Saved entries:
=-=-=-=-=
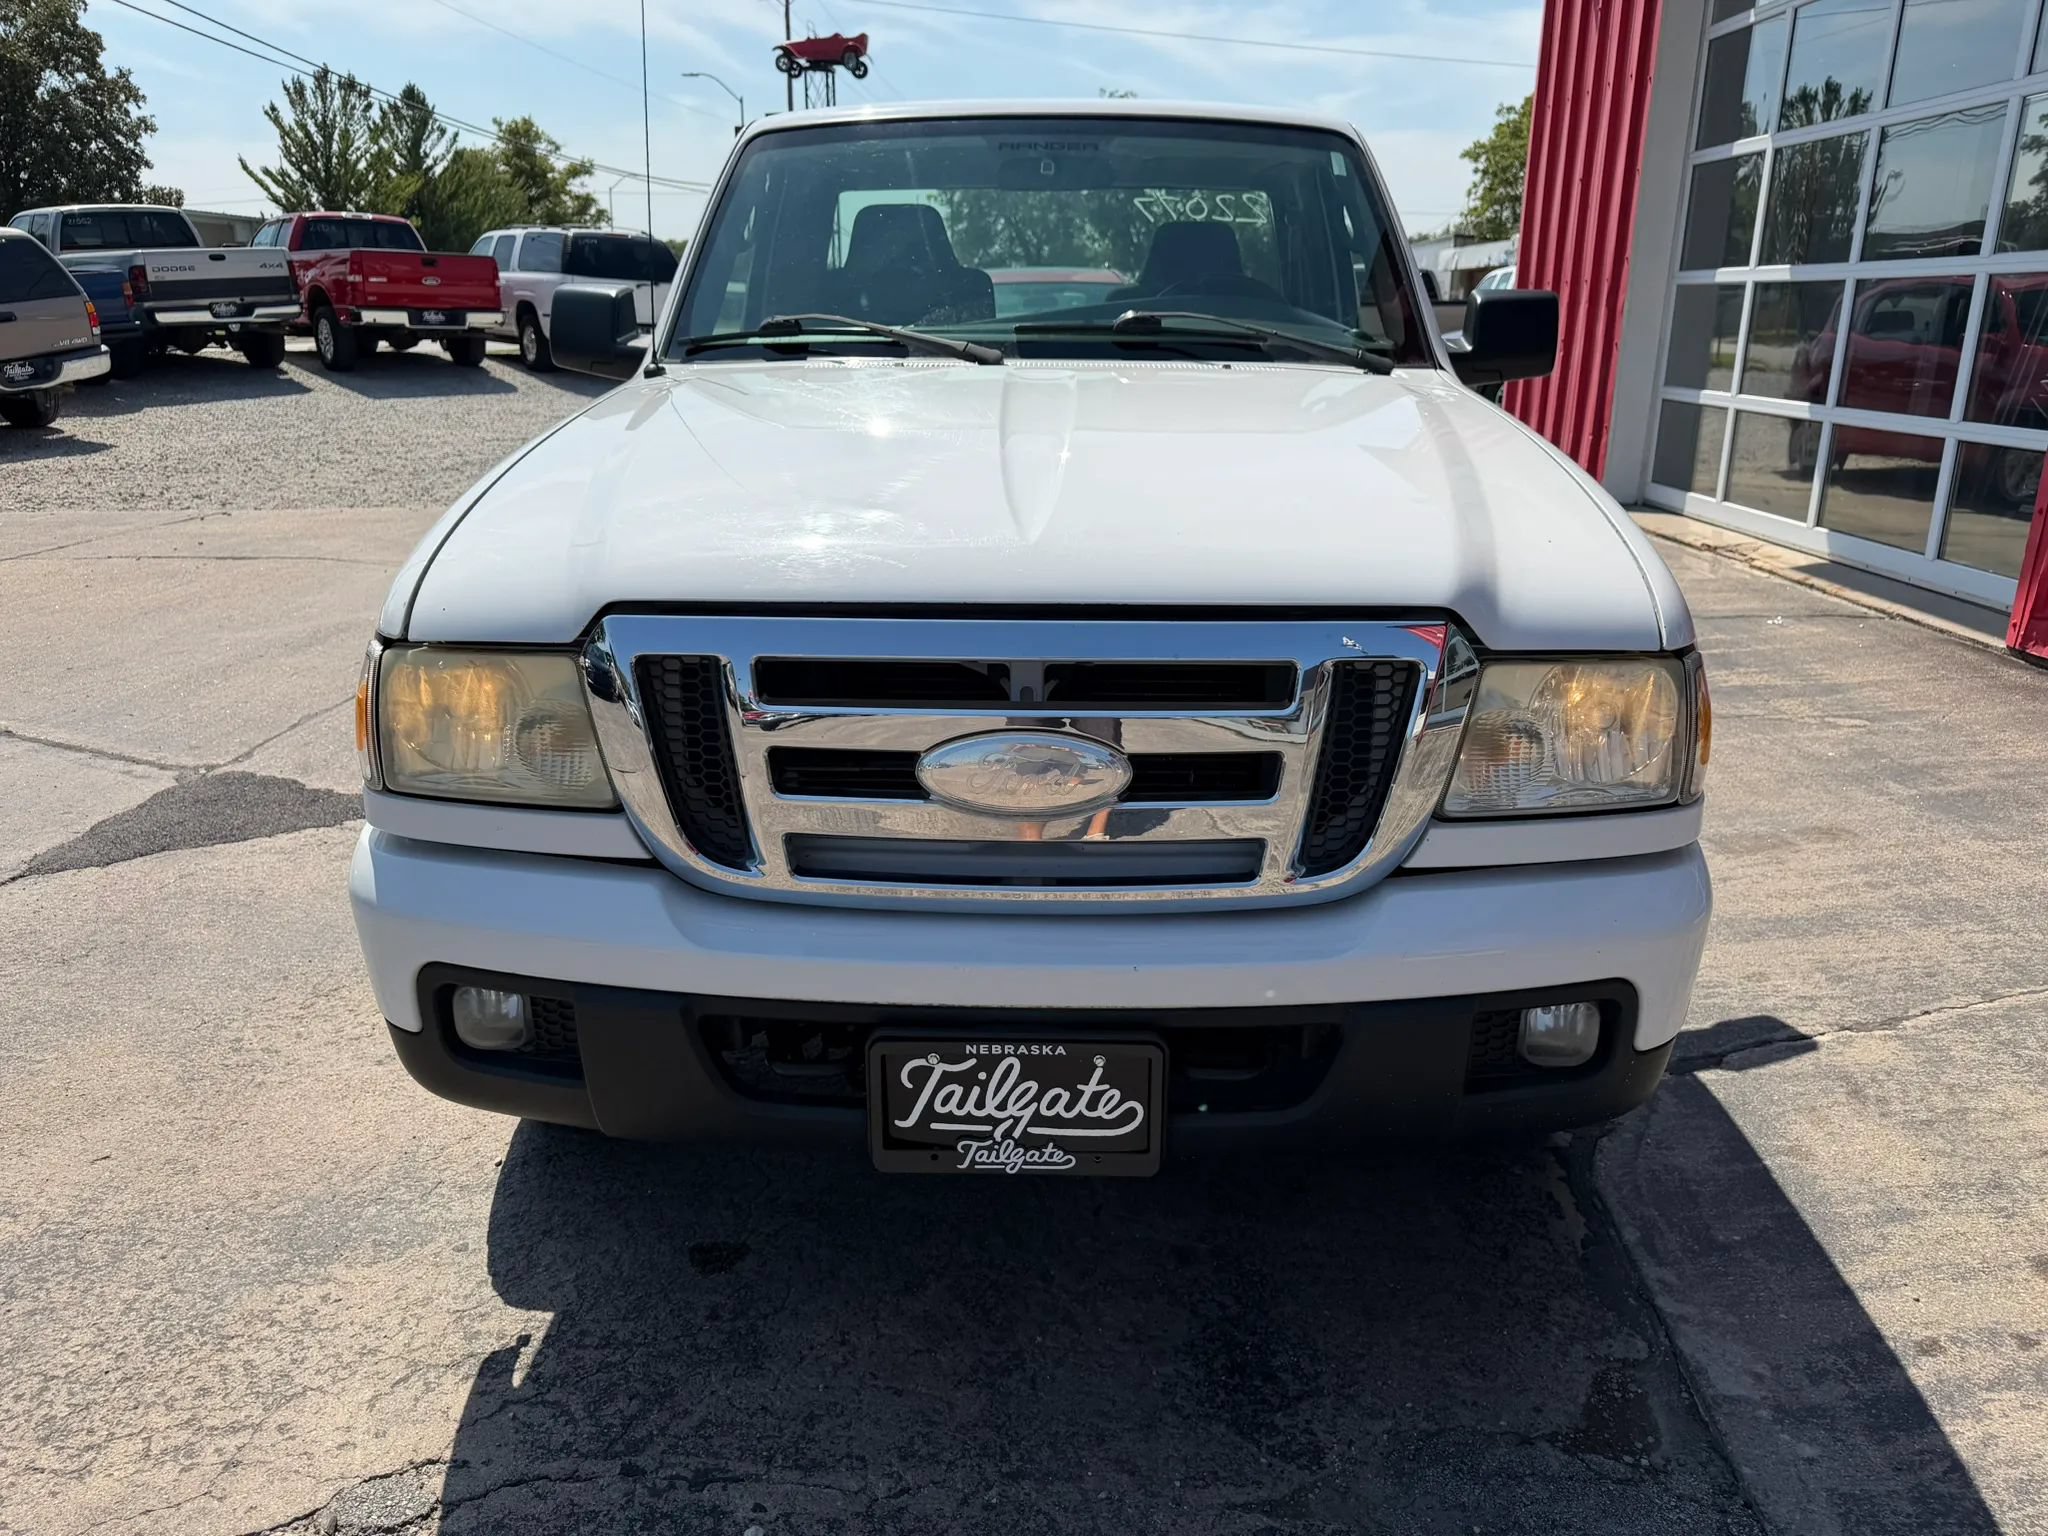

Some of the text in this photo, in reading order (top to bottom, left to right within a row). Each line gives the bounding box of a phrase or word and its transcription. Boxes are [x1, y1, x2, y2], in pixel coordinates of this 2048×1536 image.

[151, 264, 196, 273] DODGE
[965, 1043, 1068, 1056] NEBRASKA
[893, 1055, 1145, 1142] Tailgate
[956, 1138, 1077, 1175] Tailgate
=-=-=-=-=
# [Your objective]
Without including any images, output the data exactly as given.

# [Problem solution]
Some of the text in this photo, in reading order (top to bottom, left to right within a row). Each line gives the bounding box of a phrase or word and its transcription. Boxes are [x1, y1, x2, y2], in pixel coordinates of this 2048×1536 image.

[151, 264, 196, 273] DODGE
[965, 1043, 1068, 1056] NEBRASKA
[893, 1055, 1145, 1142] Tailgate
[956, 1138, 1077, 1175] Tailgate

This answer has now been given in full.